The motivation for the question is to find out the general form of a polynomial in $\mathbb{Z}/n\mathbb{Z}[x]$.

If $(a,n) \neq 1$, periodicity of $a$ is not guaranteed. For example, when $n = 8$ and $a = 6$, we have $a^3 = 0$, so there exists no positive integer $n$ such that $a^n = 1$.

 

[Evgeny.Makarov]

I am studying discrete functions. There is a theorem that every function $f:(\mathbb{Z}/p\mathbb{Z})^k\to\mathbb{Z}/p\mathbb{Z}$ can be represented as a polynomial iff $p$ is prime. When $p$ is not prime, some functions can be represented as polynomials, and some, such as $\max(x,y)$, cannot. One can determine if a function $f(x)$ can be represented as a polynomial using the method of undetermined coefficients: simply consider a polynomial with unknown coefficients, substitute different arguments for $x$ and equate it to the value of $f(x)$. If the resulting system of linear equations on coefficients has a solution, then $f(x)$ can be represented as a polynomial.

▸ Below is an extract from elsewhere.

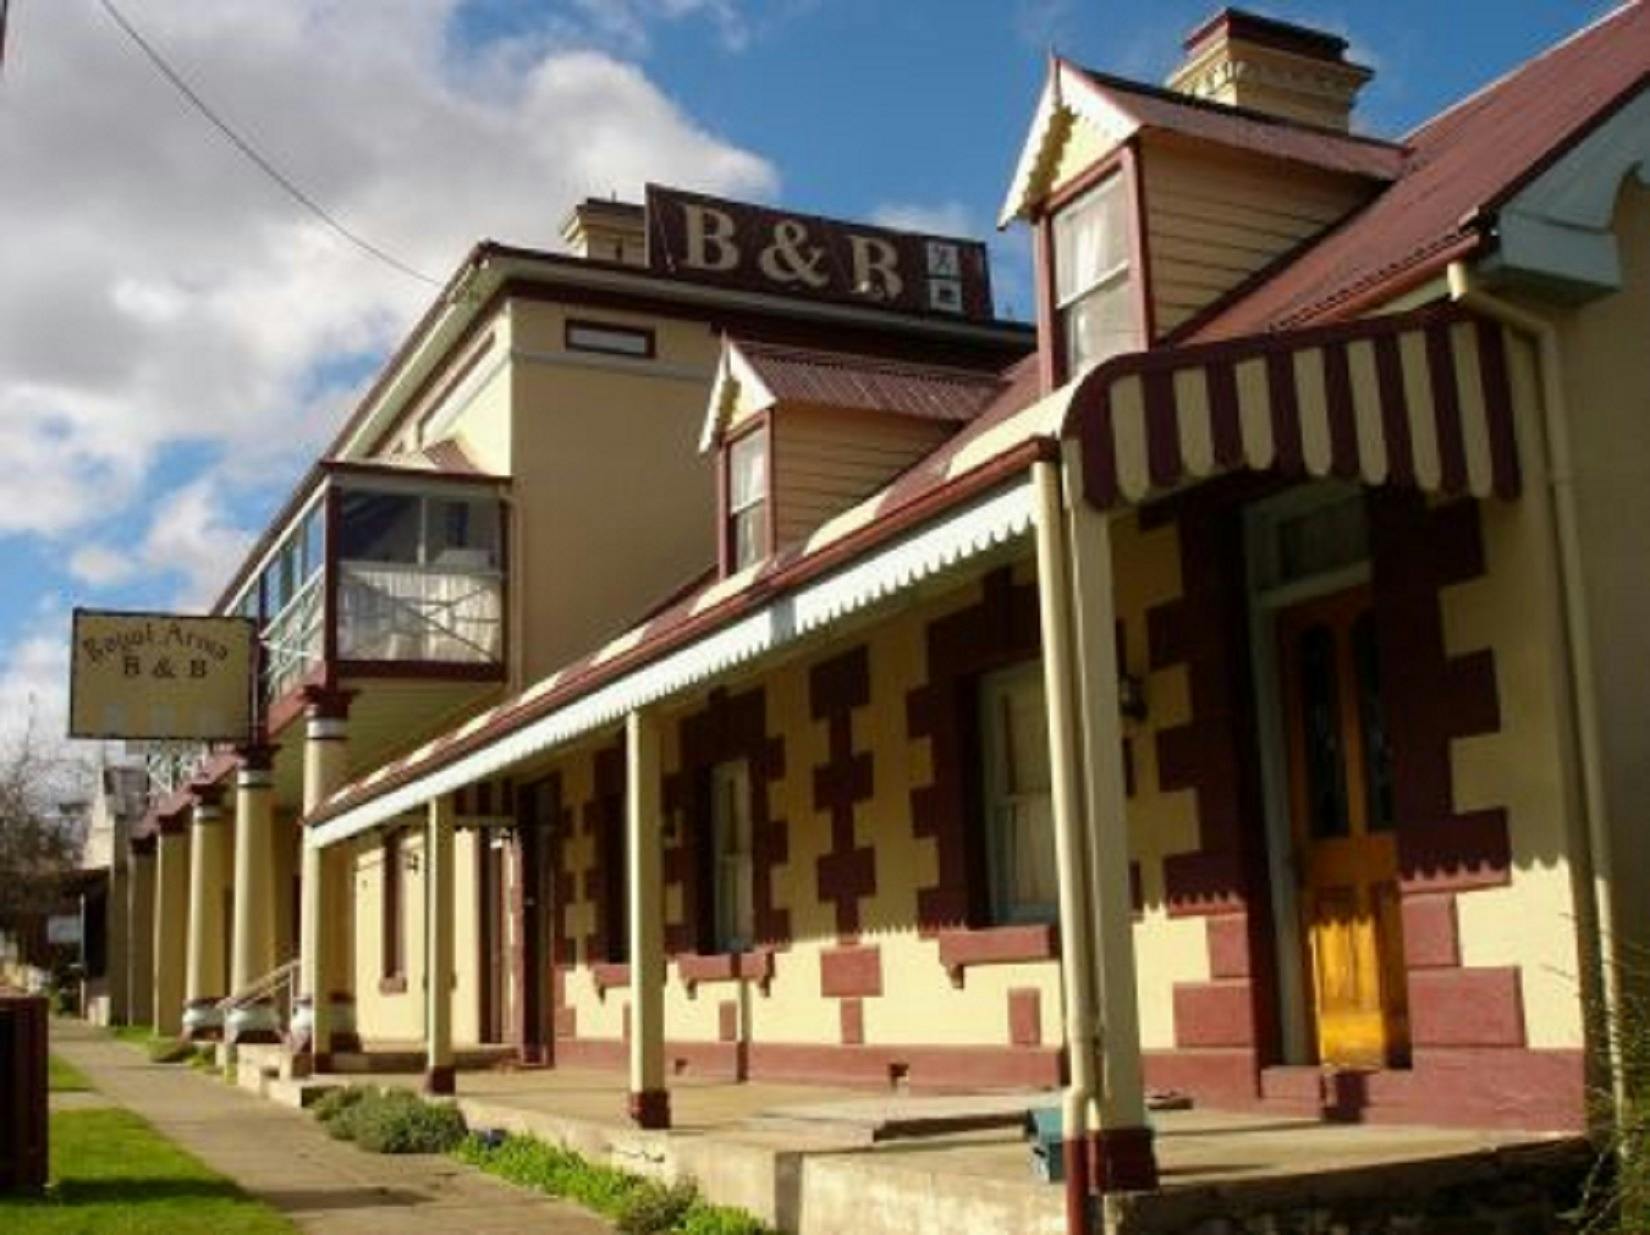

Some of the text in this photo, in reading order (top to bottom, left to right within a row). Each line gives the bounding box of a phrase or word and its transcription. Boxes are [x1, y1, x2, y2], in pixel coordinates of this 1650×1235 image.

[685, 204, 903, 301] B & B
[83, 622, 228, 661] Royal Arms
[123, 657, 207, 678] B & B

In considering an arbitrary polynomial, I need to know its degree. I believe that in $\mathbb{Z}/n\mathbb{Z}$ for any $n$, whether prime or not, in the case of a single-variable polynomial it is sufficient to consider $c_0+c_1x+\dots+c_{n-1}x^{n-1}$ because $x^n=x^k$ for some $k<n$. Therefore, the sequence $x^0,x^1,\dots$ is eventually periodic, and the whole period occurs before $x^n$. Is this so?

If $(a,n) \neq 1$, periodicity of $a$ is not guaranteed. For example, when $n = 8$ and $a = 6$, we have $a^3 = 0$, so there exists no positive integer $n$ such that $a^n = 1$.

OK, but the sequence is eventually periodic starting from $6^3=0$. For $n=8$ we have $x^5=x^3$, so it is sufficient to consider polynomials of degree 4.

 

[I like Serena]

This does not hold for all $p$, and for prime $p$ how is it more general than $a^{p-1} \equiv 1 \pmod p$ since one can multiply or divide both sides by $a$?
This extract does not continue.